** Work task **
Retype the following data exactly, but leave its pictures out.

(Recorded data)
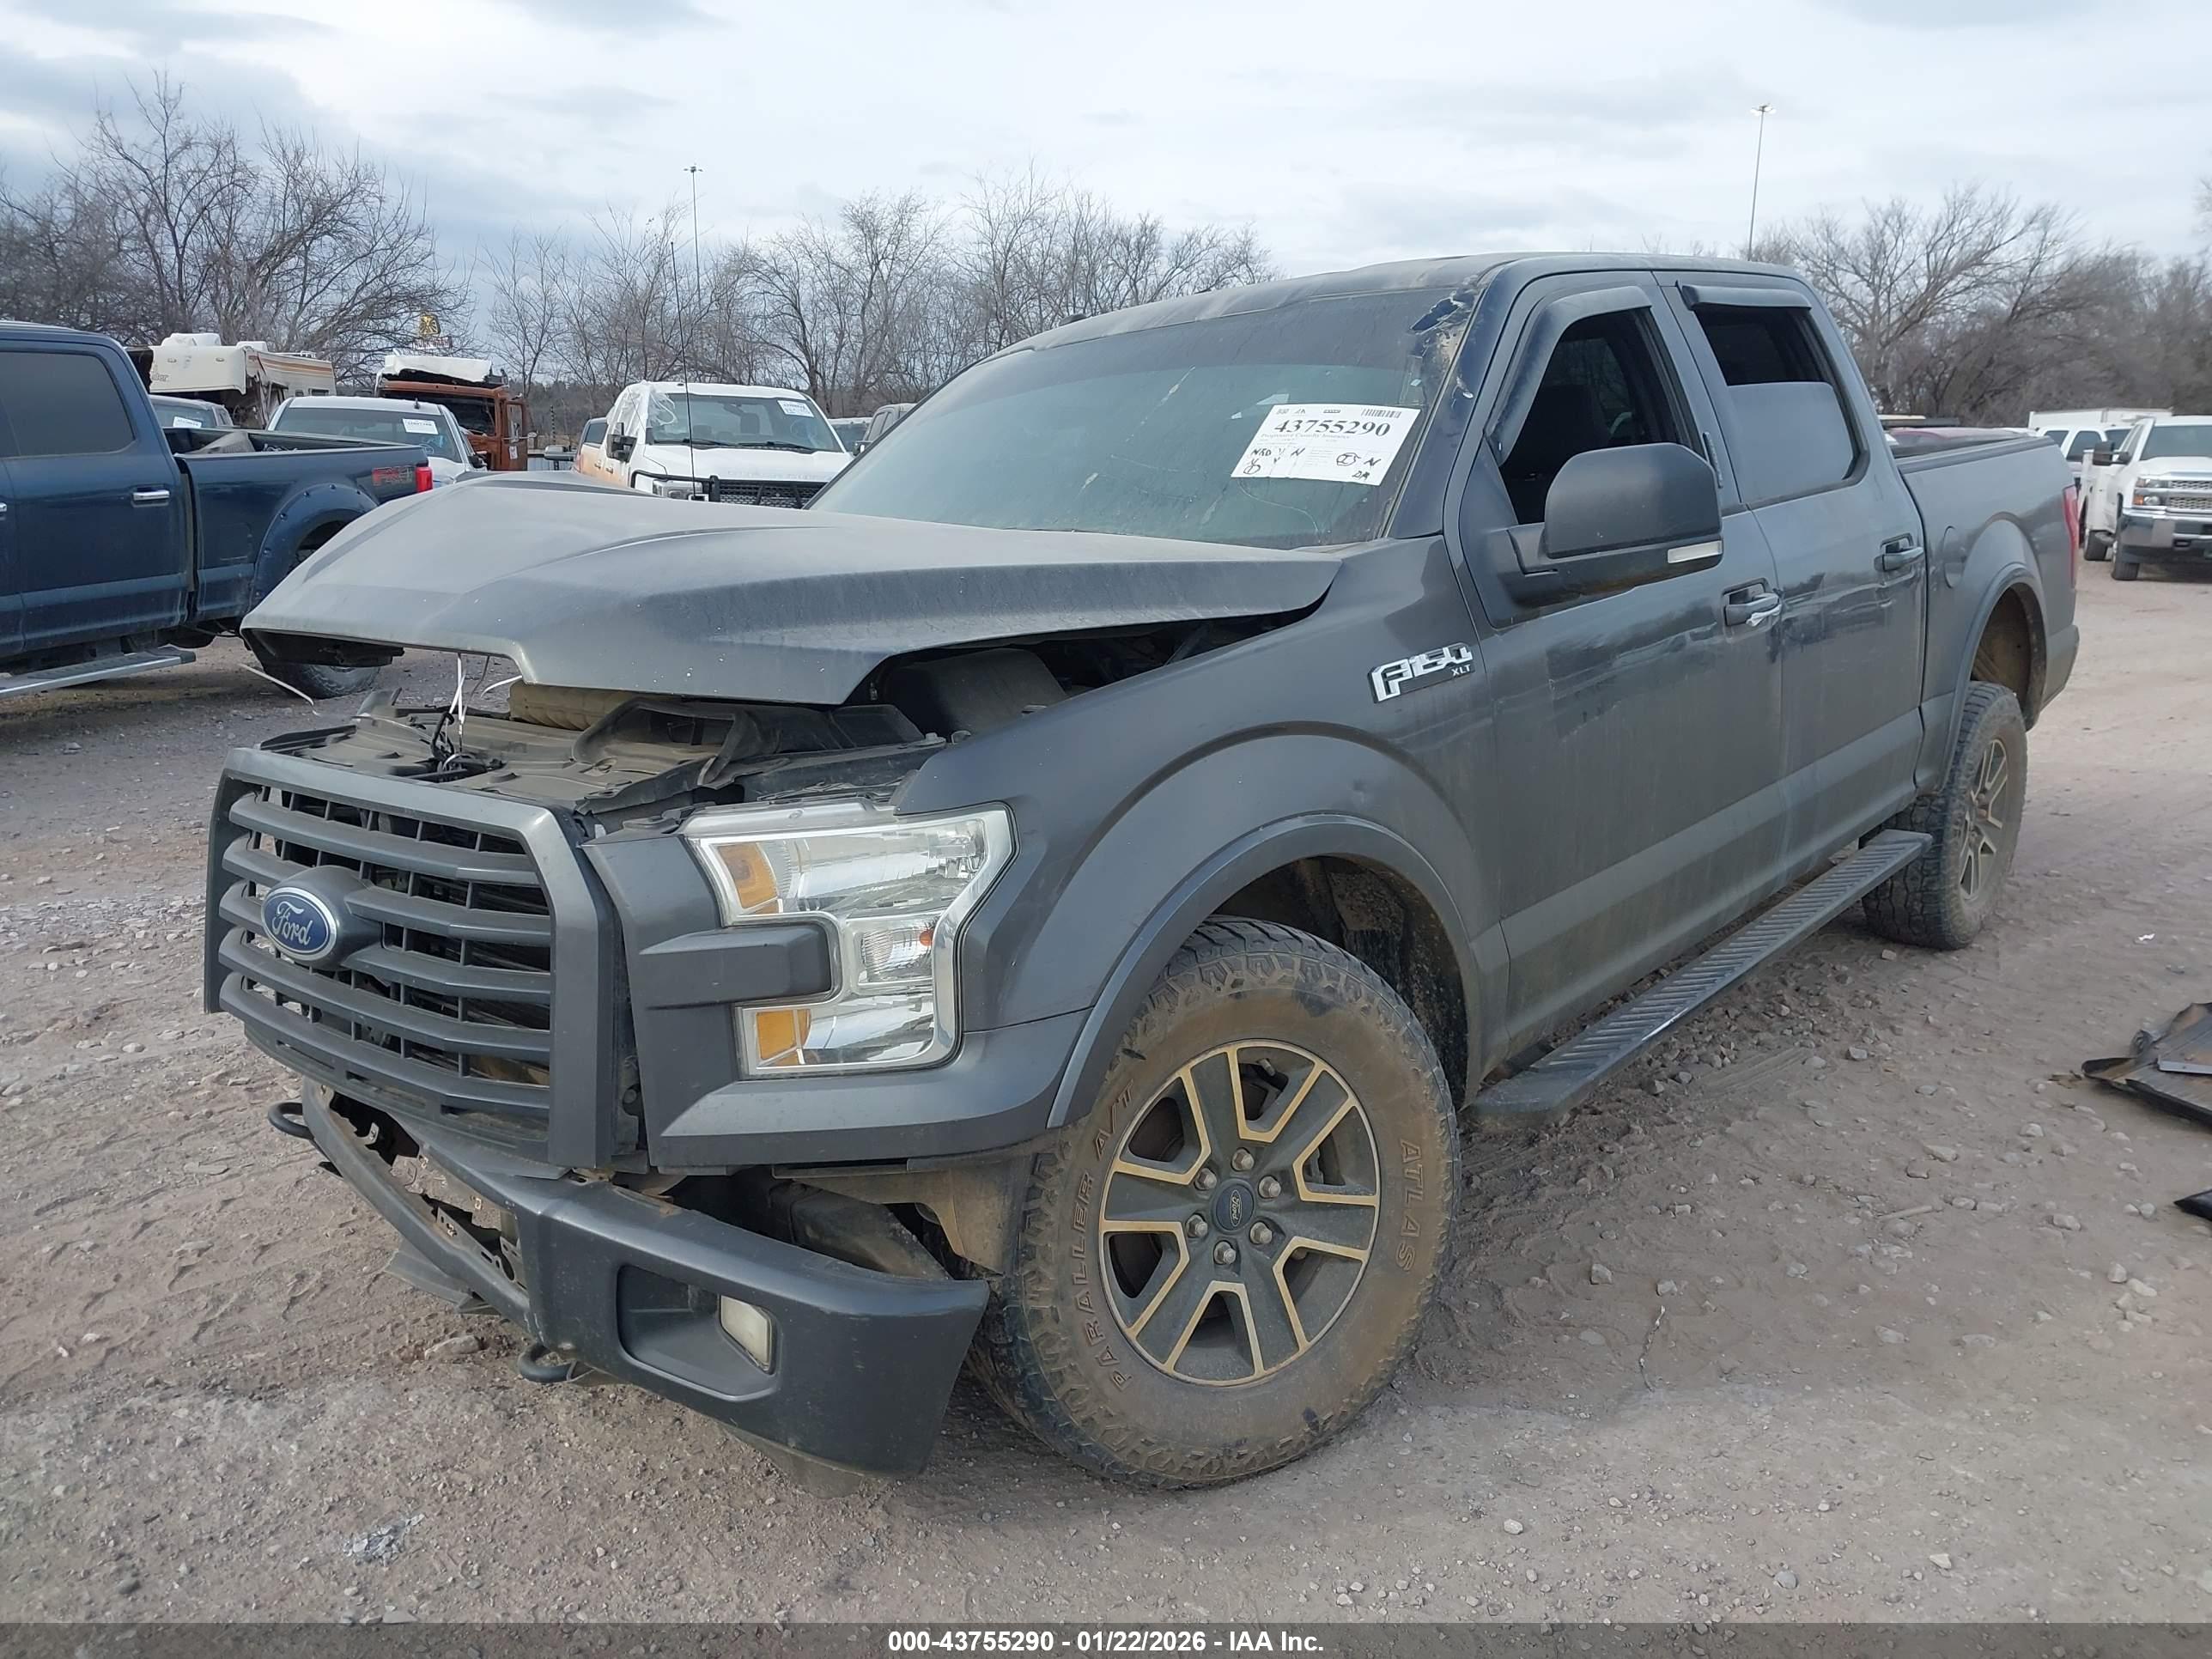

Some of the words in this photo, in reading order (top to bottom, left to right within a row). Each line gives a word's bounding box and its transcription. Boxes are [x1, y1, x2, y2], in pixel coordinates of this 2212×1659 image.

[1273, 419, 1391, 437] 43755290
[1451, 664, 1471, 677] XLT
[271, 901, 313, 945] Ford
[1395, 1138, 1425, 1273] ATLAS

** Answer to the problem **
Some of the words in this photo, in reading order (top to bottom, left to right within a row). Each line gives a word's bounding box and its transcription. Boxes are [x1, y1, x2, y2], in pixel coordinates of this 2212×1659 image.

[1273, 419, 1391, 437] 43755290
[1451, 664, 1471, 677] XLT
[271, 901, 313, 945] Ford
[1395, 1138, 1425, 1273] ATLAS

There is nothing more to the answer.